→ ASSIGNMENT: Write out exactly, please, the lines from the one containing "this 2000×1500 image." to the end of the material.

→ SOURCE MATERIAL:
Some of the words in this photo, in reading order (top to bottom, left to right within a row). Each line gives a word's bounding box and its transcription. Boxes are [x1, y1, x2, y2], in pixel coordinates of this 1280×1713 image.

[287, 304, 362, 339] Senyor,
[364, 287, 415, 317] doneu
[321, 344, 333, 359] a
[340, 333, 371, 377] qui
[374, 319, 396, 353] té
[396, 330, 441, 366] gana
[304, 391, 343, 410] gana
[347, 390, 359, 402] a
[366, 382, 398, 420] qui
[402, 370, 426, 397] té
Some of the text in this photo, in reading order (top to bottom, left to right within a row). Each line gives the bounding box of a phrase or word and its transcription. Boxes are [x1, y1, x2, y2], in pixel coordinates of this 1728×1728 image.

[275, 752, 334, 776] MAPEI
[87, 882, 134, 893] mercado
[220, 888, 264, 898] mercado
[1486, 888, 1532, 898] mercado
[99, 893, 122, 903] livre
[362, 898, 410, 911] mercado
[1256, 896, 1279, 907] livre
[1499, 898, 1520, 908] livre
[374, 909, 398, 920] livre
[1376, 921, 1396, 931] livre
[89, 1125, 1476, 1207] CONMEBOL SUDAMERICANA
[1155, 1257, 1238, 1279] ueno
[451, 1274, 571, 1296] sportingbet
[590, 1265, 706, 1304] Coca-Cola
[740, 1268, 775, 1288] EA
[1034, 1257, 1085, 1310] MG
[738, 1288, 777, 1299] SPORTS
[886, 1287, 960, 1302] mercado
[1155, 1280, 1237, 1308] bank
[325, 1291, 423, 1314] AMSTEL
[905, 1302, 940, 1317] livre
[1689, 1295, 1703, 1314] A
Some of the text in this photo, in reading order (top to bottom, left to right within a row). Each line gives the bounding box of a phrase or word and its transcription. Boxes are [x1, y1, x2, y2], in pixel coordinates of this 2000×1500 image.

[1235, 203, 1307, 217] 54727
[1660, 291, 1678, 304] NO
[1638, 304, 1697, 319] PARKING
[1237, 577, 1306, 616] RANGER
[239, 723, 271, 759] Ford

→ RESPONSE BOX:
Some of the text in this photo, in reading order (top to bottom, left to right within a row). Each line gives the bounding box of a phrase or word and its transcription. Boxes are [x1, y1, x2, y2], in pixel coordinates of this 2000×1500 image.

[1235, 203, 1307, 217] 54727
[1660, 291, 1678, 304] NO
[1638, 304, 1697, 319] PARKING
[1237, 577, 1306, 616] RANGER
[239, 723, 271, 759] Ford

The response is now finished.